In East Texas, the Company commenced a drilling program in April 2004 and has drilled a total of three successful wells targeting the Cotton Valley formation. Two of the drilled wells, in which the Company has a 100% working interest, have been completed and placed on production and a third well, in which the Company has an 85% working interest, has been logged and is awaiting completion operations. Additionally, the Company has a 40% working interest in an adjacent East Texas exploratory well which has been drilled by another operator and is presently awaiting further evaluation.
In Northwest Louisiana, the Company commenced a drilling program targeting the Cotton Valley formation in the first quarter of 2004 and has successfully completed one well, which is awaiting a gas meter installation, and is presently drilling another well. The Companys initiative in this area began in the third quarter of 2003, when it obtained, via farmout, exploration rights to approximately 18,000 acres in the Bethany-Longstreet field (excluding the Crane zone of the Pettit formation). The Company will retain continuous drilling rights to the entire block so long as it drills at least one well every 120 days. For each productive well drilled under the agreement, the Company will earn an assignment to 160 acres. The Company began exploration and development drilling activities in the field and completed three successful wells in the Hosston formation in the fourth quarter of 2003. The Company has a 70% working interest in the five Bethany-Longstreet wells drilled (or drilling) to date and anticipates that its working interests in the additional wells to be drilled in the field will range between 50% and 70%.

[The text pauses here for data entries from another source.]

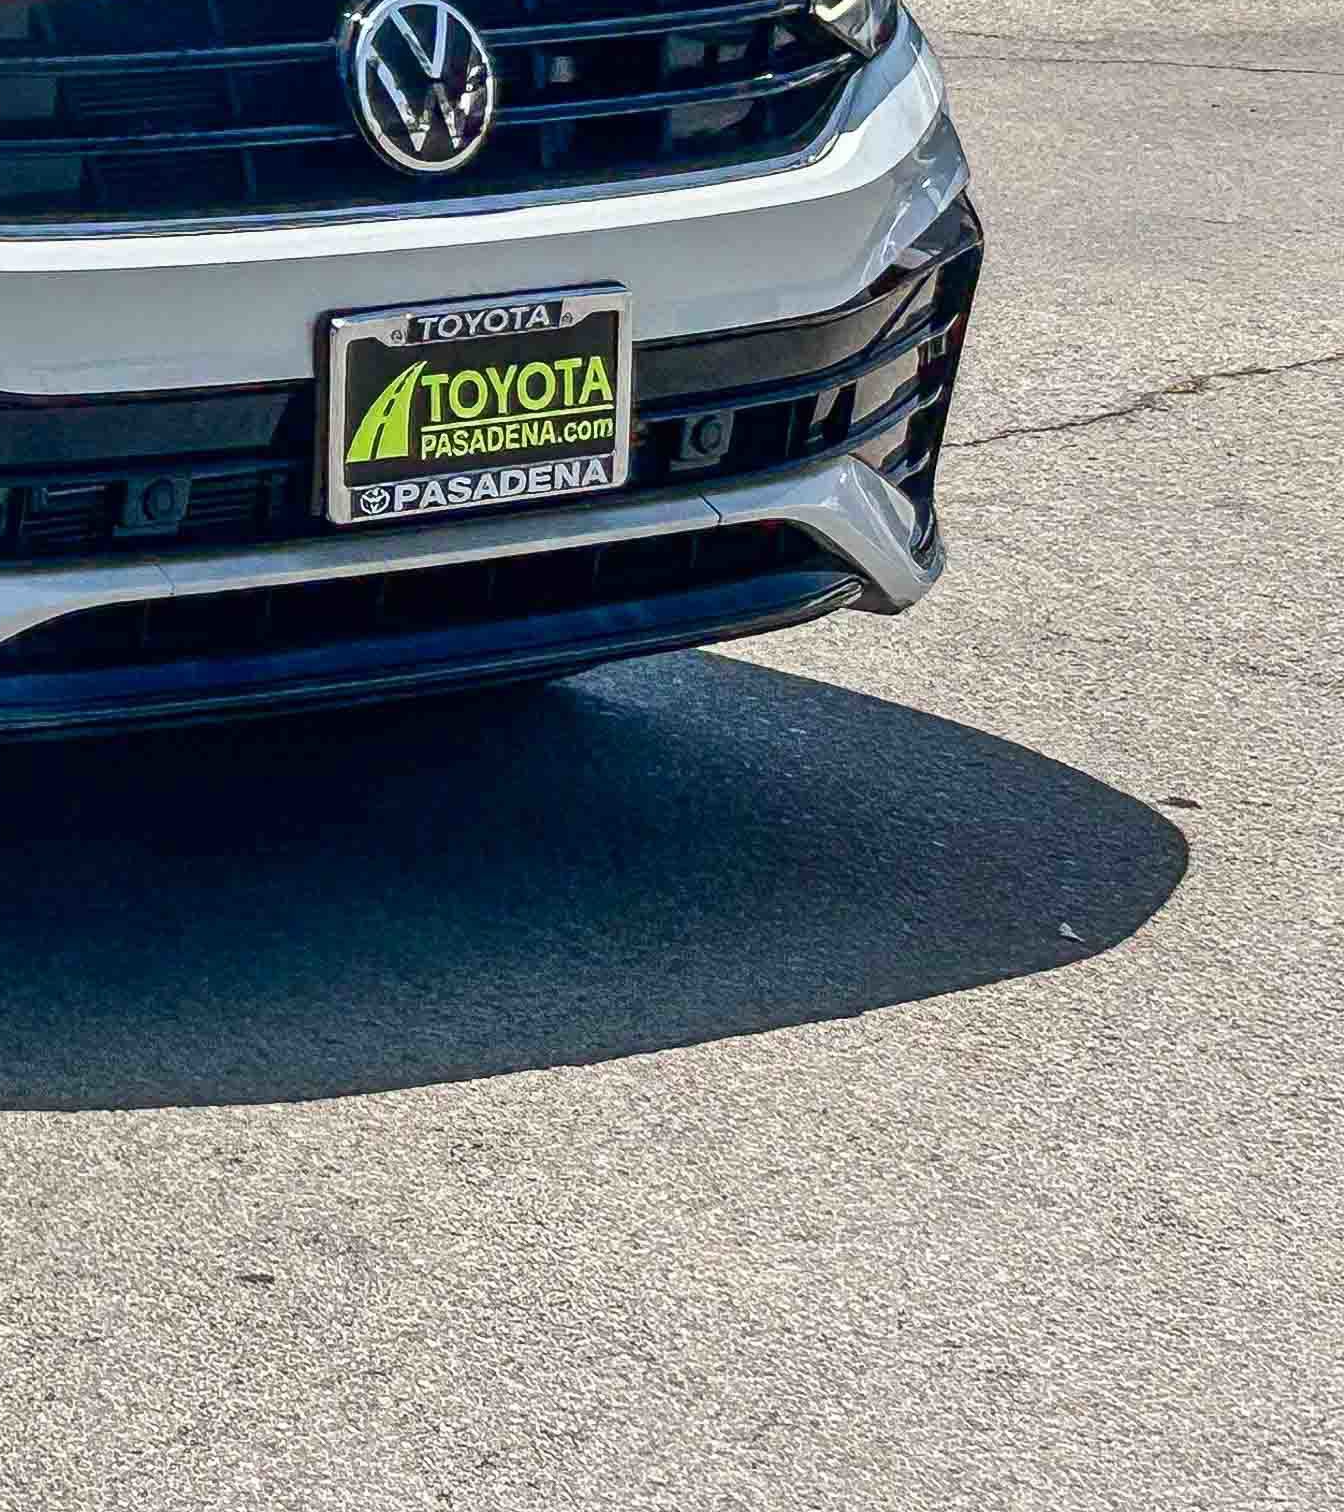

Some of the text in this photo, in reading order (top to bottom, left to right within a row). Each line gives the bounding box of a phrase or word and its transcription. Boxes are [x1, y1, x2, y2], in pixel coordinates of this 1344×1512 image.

[416, 303, 551, 340] TOYOTA
[421, 355, 614, 423] TOYOTA
[421, 416, 615, 462] PASADENA.com
[394, 458, 609, 512] PASADENA
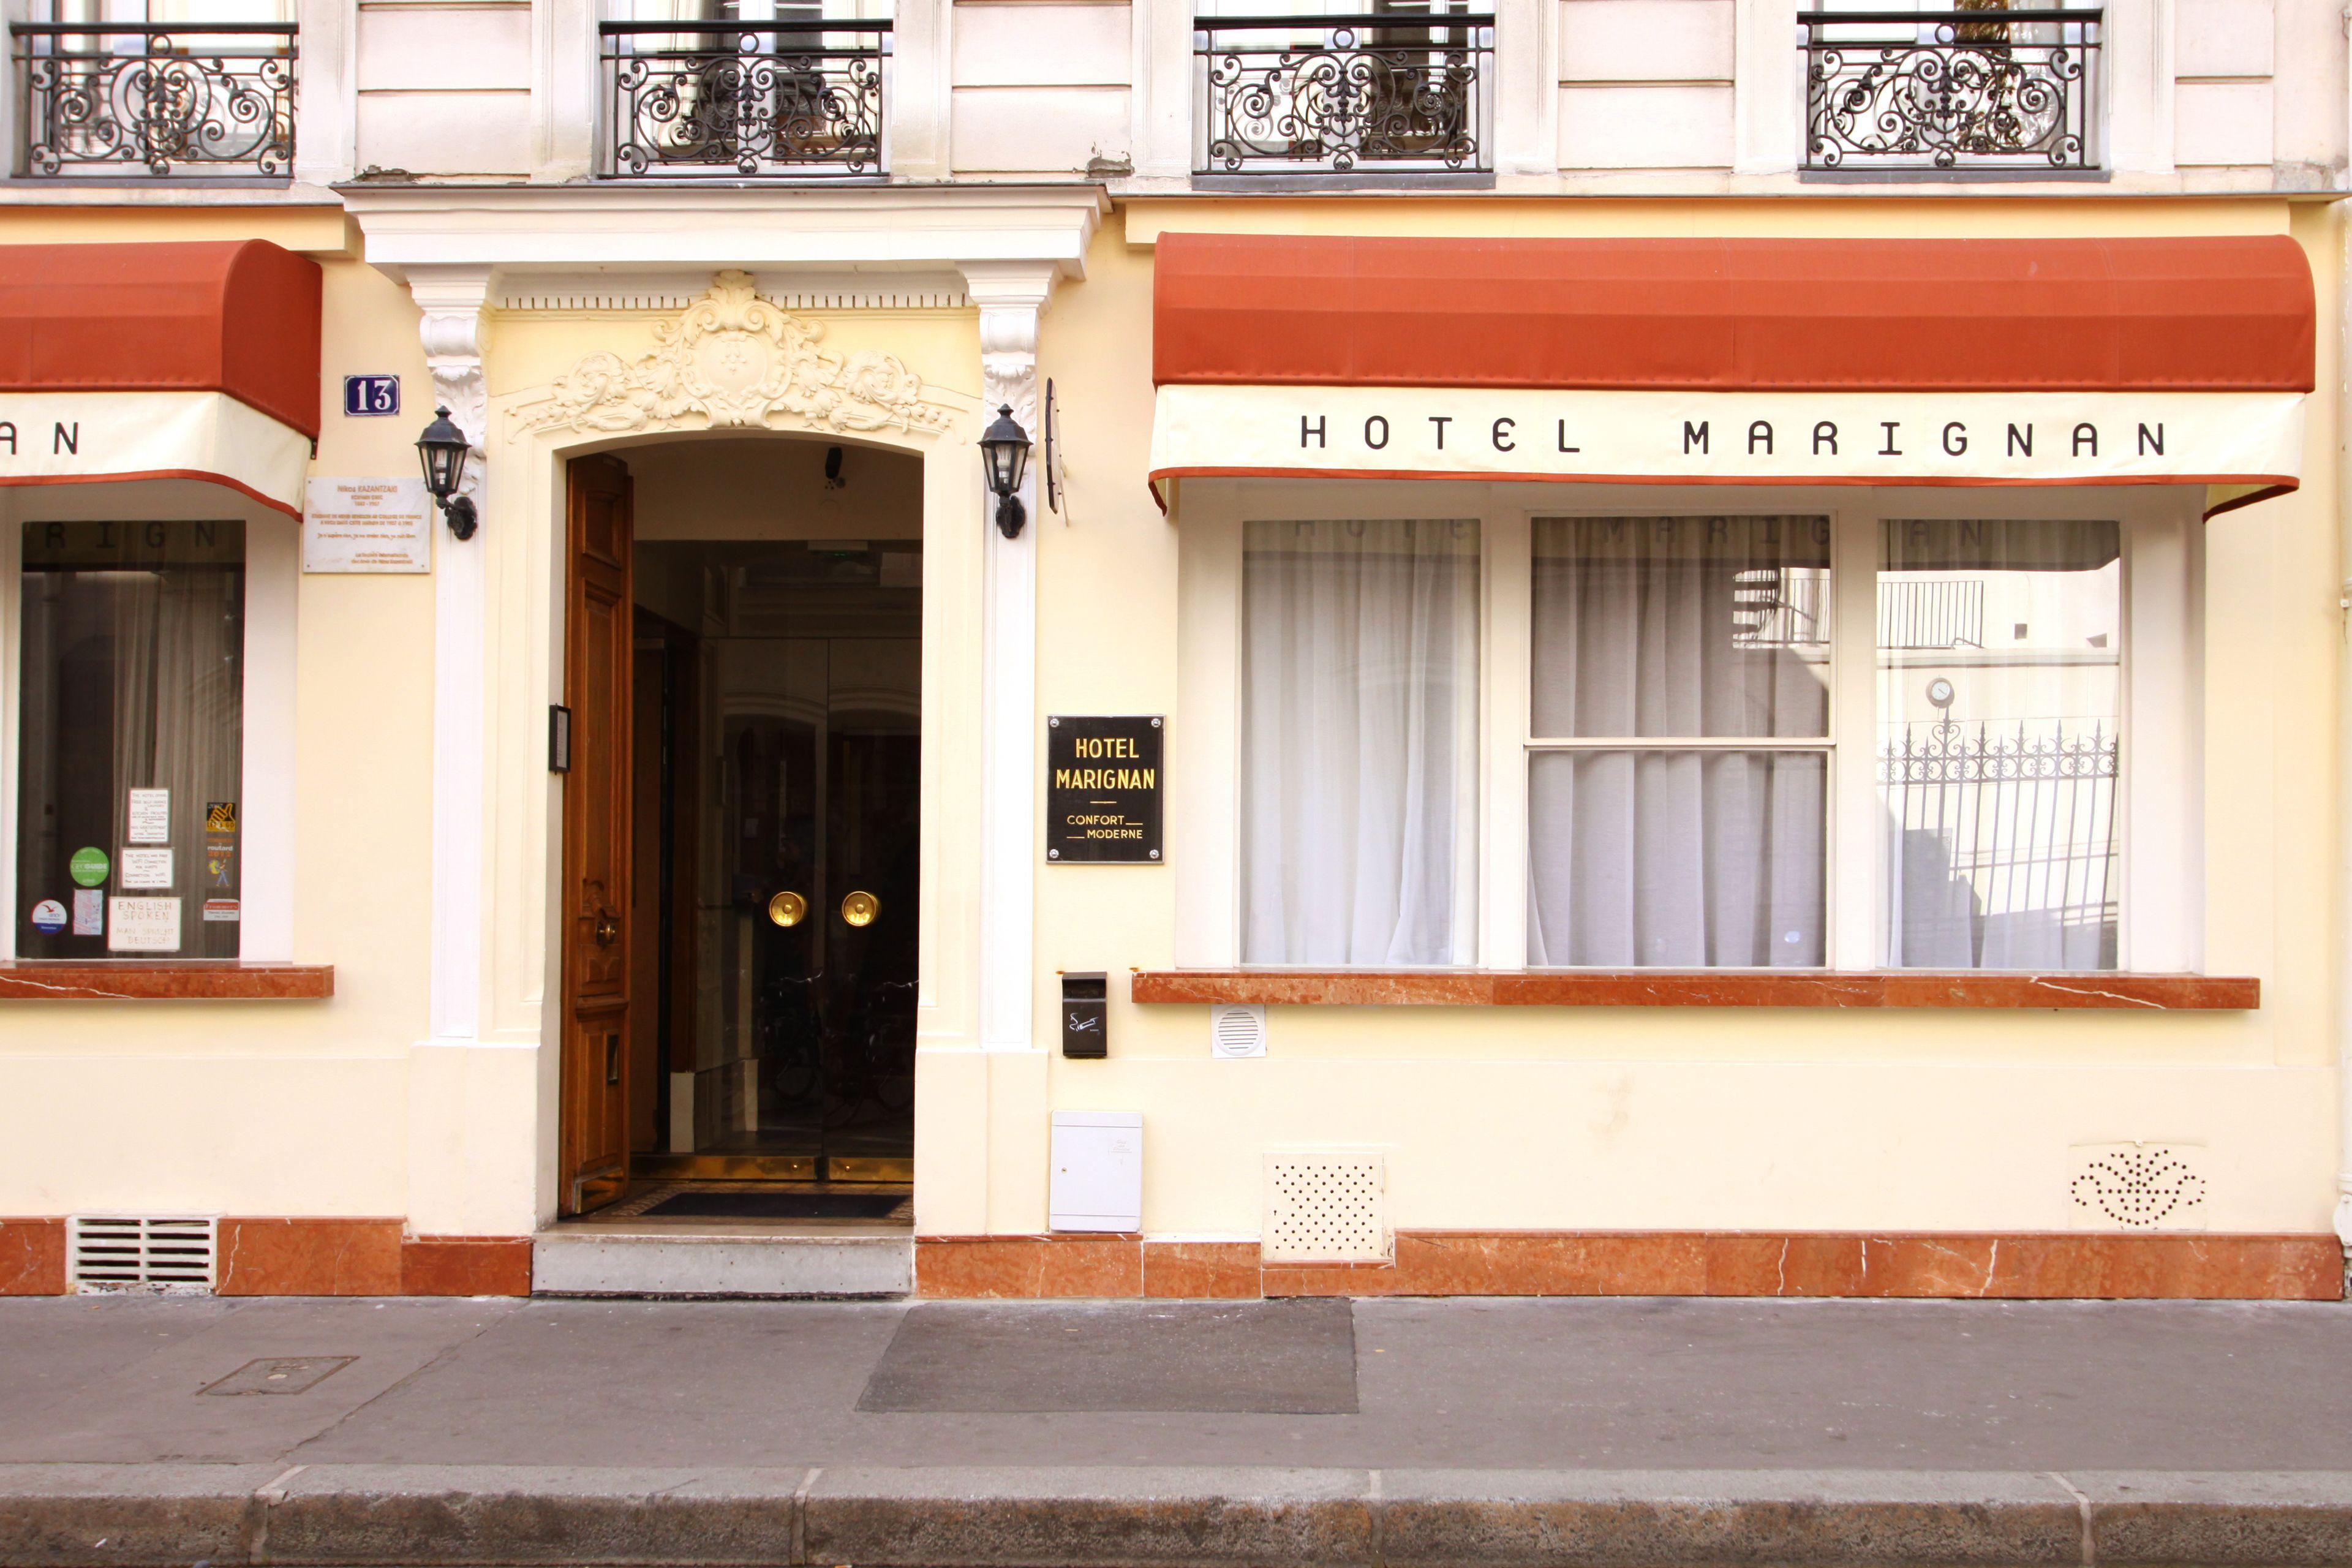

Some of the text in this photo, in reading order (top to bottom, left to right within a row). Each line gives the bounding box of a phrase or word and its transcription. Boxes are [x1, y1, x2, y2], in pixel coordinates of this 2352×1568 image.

[358, 380, 391, 410] 13
[1301, 415, 2164, 457] HOTEL MARIGNAN
[1076, 738, 1139, 758] HOTEL
[1056, 769, 1155, 790] MARIGNAN
[1067, 815, 1125, 825] CONFORT
[1087, 829, 1143, 839] MODERNE
[118, 902, 172, 910] ENGLISH
[123, 911, 169, 920] SPOKEN
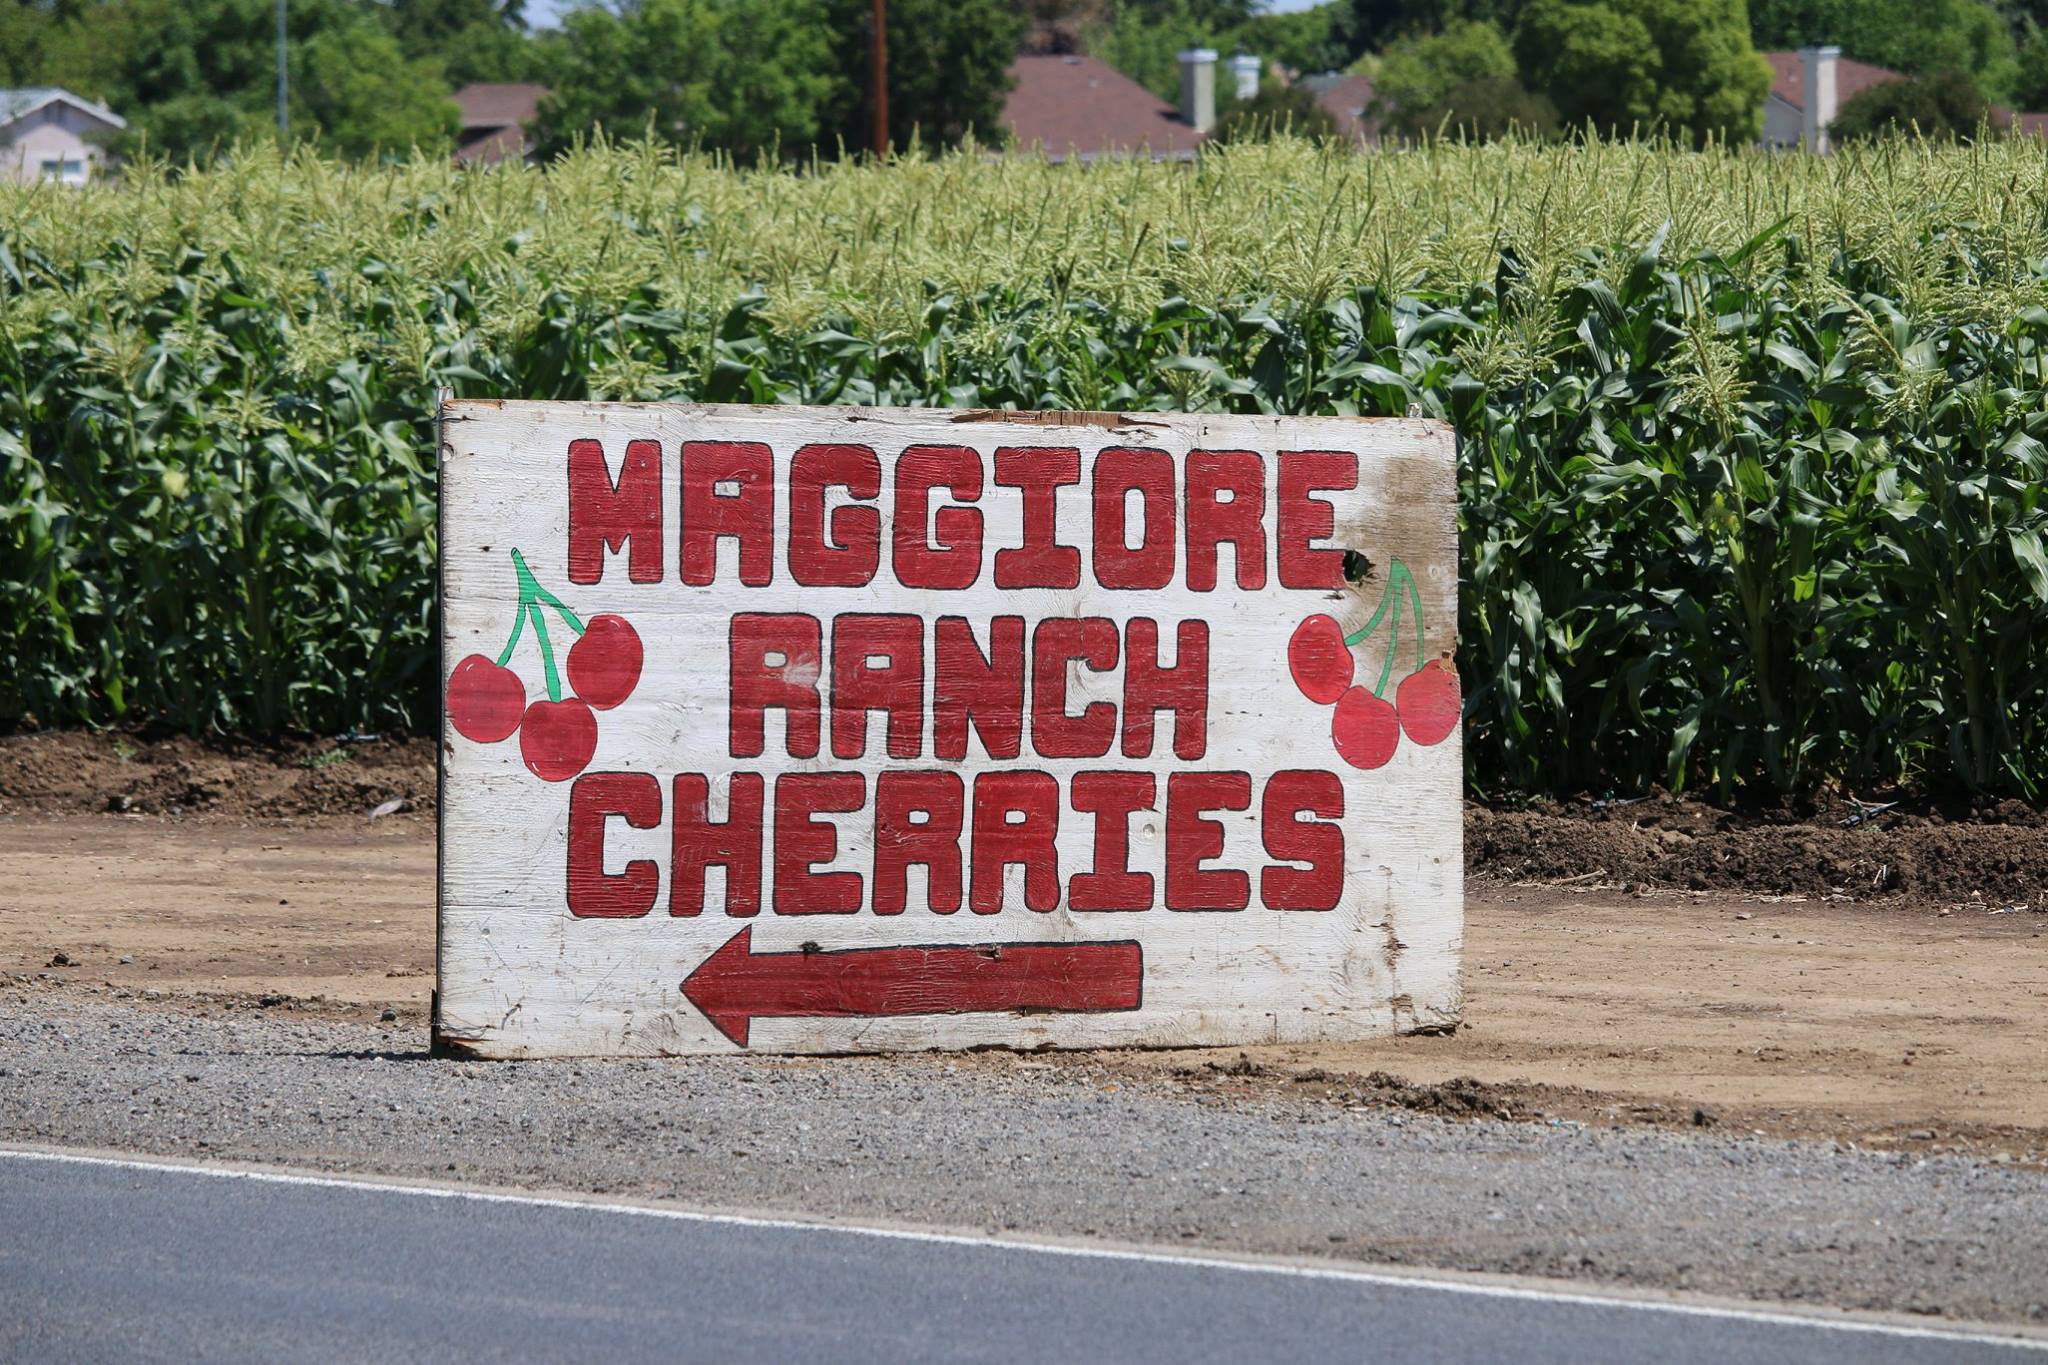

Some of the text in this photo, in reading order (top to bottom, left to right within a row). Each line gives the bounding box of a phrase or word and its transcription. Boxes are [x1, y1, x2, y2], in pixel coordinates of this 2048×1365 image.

[568, 438, 1359, 591] MAGGIORE
[729, 612, 1209, 760] RANCH
[567, 769, 1346, 918] CHERRIES

South Louisiana Operations
Burrwood/West Delta 83 Fields
In the second quarter of 2004, the Company successfully completed two exploratory wells in the Burrwood/West Delta 83 fields in Plaquemines Parish, Louisiana. The first well was the Companys initial Dempsey Prospect well, in which it has a 70% working interest. This well is now online and the current gross production is approximately 8,000 Mcf of gas per day and 350 barrels of oil per day. The second well was the Companys initial Norton Prospect well, in which it has a 65% working interest. This well is now online and the current gross production is approximately 420 barrels of oil per day and 650 Mcf of gas per day. The Company is currently drilling a sidetrack well to one of its other existing producing wells in the field, in which it has a 65% working interest.
Plumb Bob Field
In the third quarter of 2003, the Company obtained certain rights in the Plumb Bob field located in St. Martin Parish, Louisiana. The rights include oil and gas leases covering approximately 450 acres, 3-D seismic permits with oil and gas lease options covering approximately 17,000 acres, seven existing shut-in wellbores, where the Company identified recompletion projects, and the rights to acquire related production facilities and pipelines upon establishment of production. In the fourth quarter of 2003, the Company began workover drilling activities in the field and restored production capability in three wells. In the fourth quarter of 2003,
20
the Company also commenced a 32 square mile 3-D seismic survey which was completed in the second quarter of 2004. Processing and evaluation of the seismic data will take place in the second half of 2004. Based on the evaluation of the seismic data, the Company will determine the extent of its drilling and remaining workover plans in the field.
St. Gabriel Field
In July 2004, the Company announced that it has entered into 3-D seismic permits and oil and gas lease options to acquire an approximate 30 square mile 3-D seismic survey over the St. Gabriel field in Ascension and Iberville Parishes, Louisiana. The Company commenced shooting the 3-D seismic survey in July 2004 and expects to receive the processed data by the end of the year. The Company has an approximate 70% working interest in the project and has budgeted approximately $1.75 million for the acquisition of the rights and the 3-D seismic survey. Post 3-D development drilling activities are not expected to occur prior to 2005.
Senior Credit Facility
On November 9, 2001, the Company established a three-year $50,000,000 senior credit facility with BNP Paribas, with an initial borrowing base of $25,000,000. In December 2003, the borrowing base was redetermined to be $28,000,000 and BNP Paribas and the Company agreed to extend the term of the senior credit facility to December 29, 2006, subject to periodic redeterminations of the borrowing base. The Company anticipates that the next borrowing base redetermination will be completed in the third quarter of 2004 once BNP Paribas evaluates production information on several recently completed oil and gas wells. Borrowings outstanding under the senior credit facility were $23,000,000 as of June 30, 2004 and $24,000,000 as of August 10, 2004 and the Company expects to have continuing liquidity to meet its working capital needs and capital expenditures. The Company has also entered into a non-binding agreement for a subordinated bank credit facility that would be available to finance the increased capital expenditures related to development of the Companys acreage in the Cotton Valley trend (see Liquidity and Capital Resources).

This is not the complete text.